Instructions to follow: A verbatim copy of the lines starting at the one with "Some of the text" and ending at the last line below is required; include nothing else.

Information supplied:

Content starts

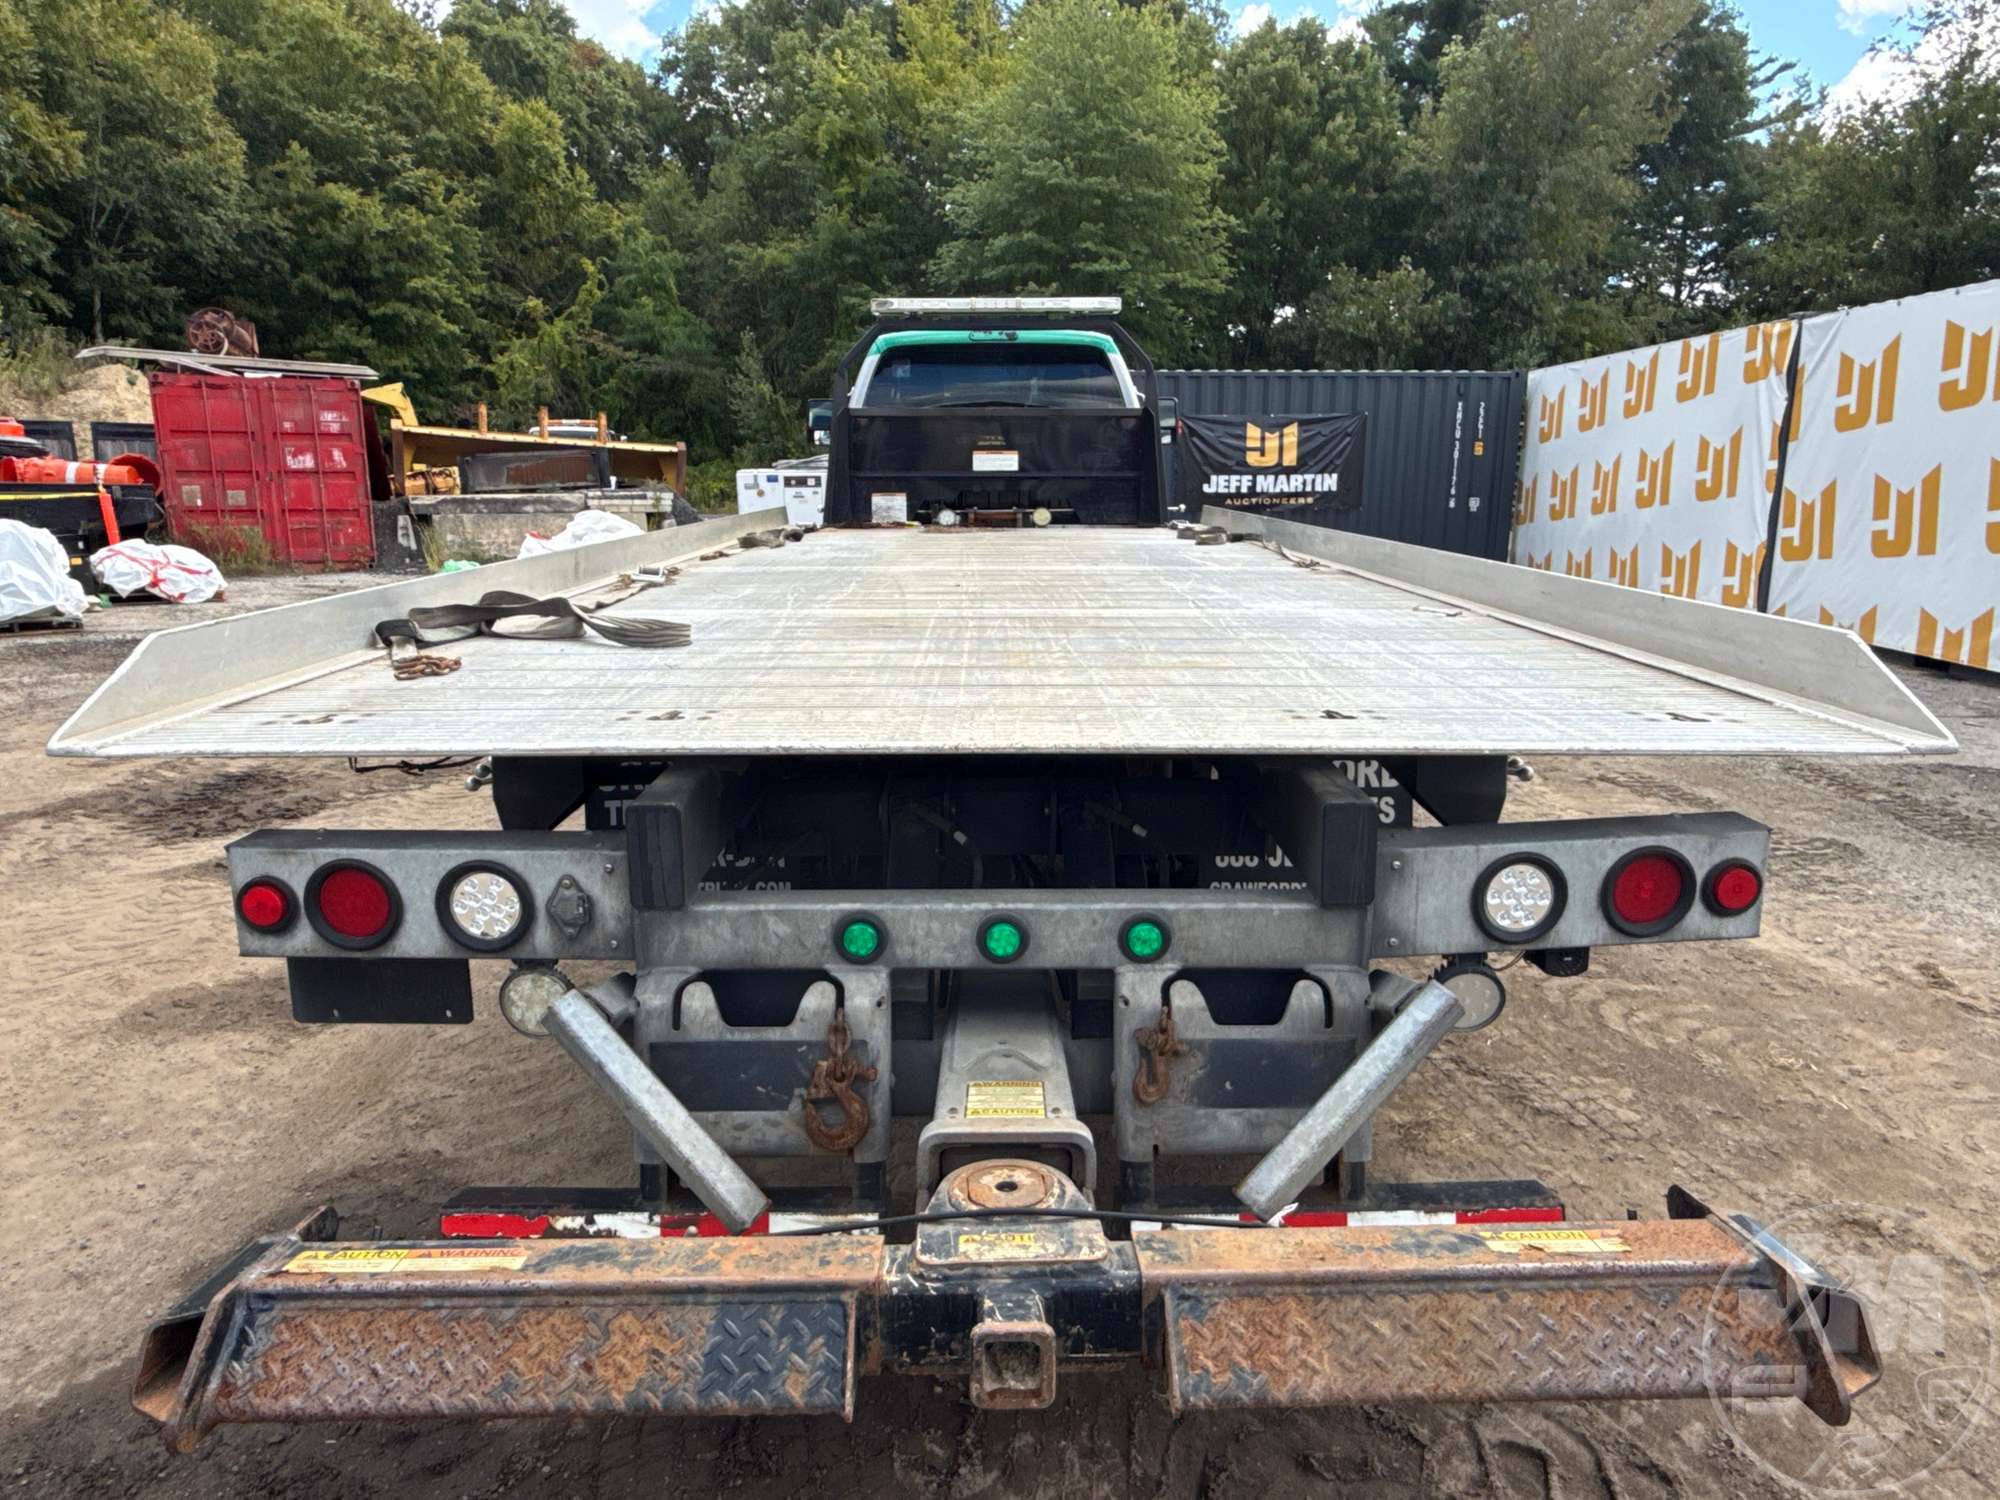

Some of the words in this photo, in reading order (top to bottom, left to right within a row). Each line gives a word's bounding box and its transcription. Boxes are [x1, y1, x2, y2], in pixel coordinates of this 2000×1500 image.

[1202, 474, 1253, 493] JEFF
[1255, 473, 1338, 492] MARTIN
[1225, 496, 1314, 505] AUCTIONEERS
[1209, 881, 1308, 890] CRAWFORD
[1505, 1231, 1585, 1240] CAUTION
[440, 1249, 522, 1258] WARNING
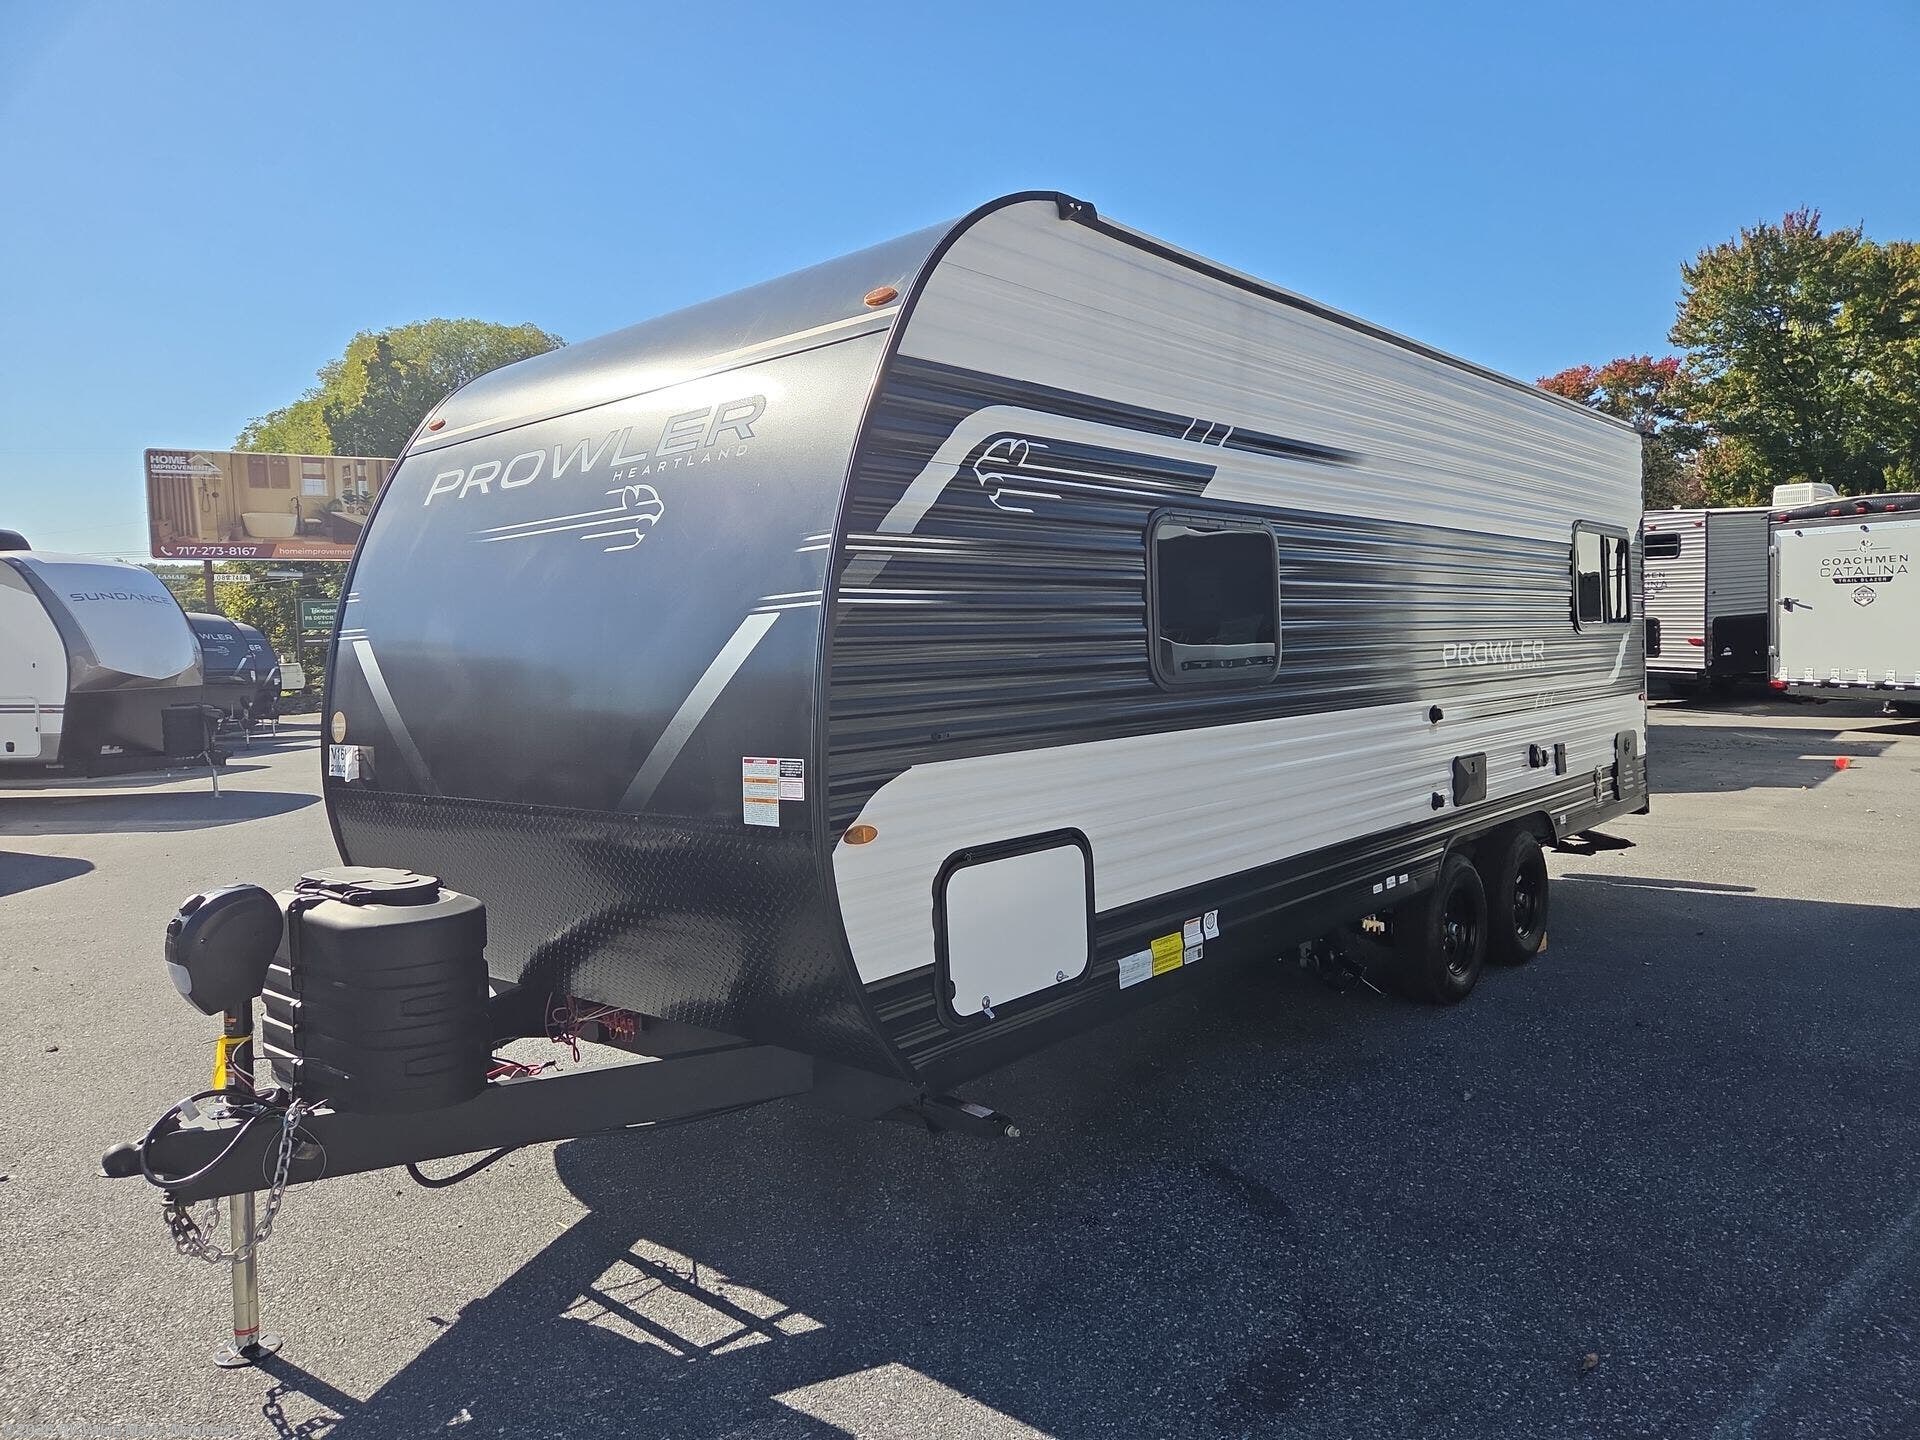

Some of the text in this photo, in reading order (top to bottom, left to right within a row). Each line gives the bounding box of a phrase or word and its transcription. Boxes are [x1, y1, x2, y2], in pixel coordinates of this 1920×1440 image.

[423, 394, 767, 506] PROWLER
[149, 455, 187, 464] HOME
[612, 444, 749, 482] HEARTLAND
[176, 546, 257, 556] 717-273-8167
[1821, 554, 1909, 566] COACHMEN
[1820, 564, 1909, 578] CATALINA
[69, 592, 172, 606] SUNDANCE
[1442, 640, 1545, 668] PROWLER

Content ends

Written solution:
Some of the text in this photo, in reading order (top to bottom, left to right within a row). Each line gives the bounding box of a phrase or word and its transcription. Boxes are [x1, y1, x2, y2], in pixel coordinates of this 1920×1440 image.

[423, 394, 767, 506] PROWLER
[149, 455, 187, 464] HOME
[612, 444, 749, 482] HEARTLAND
[176, 546, 257, 556] 717-273-8167
[1821, 554, 1909, 566] COACHMEN
[1820, 564, 1909, 578] CATALINA
[69, 592, 172, 606] SUNDANCE
[1442, 640, 1545, 668] PROWLER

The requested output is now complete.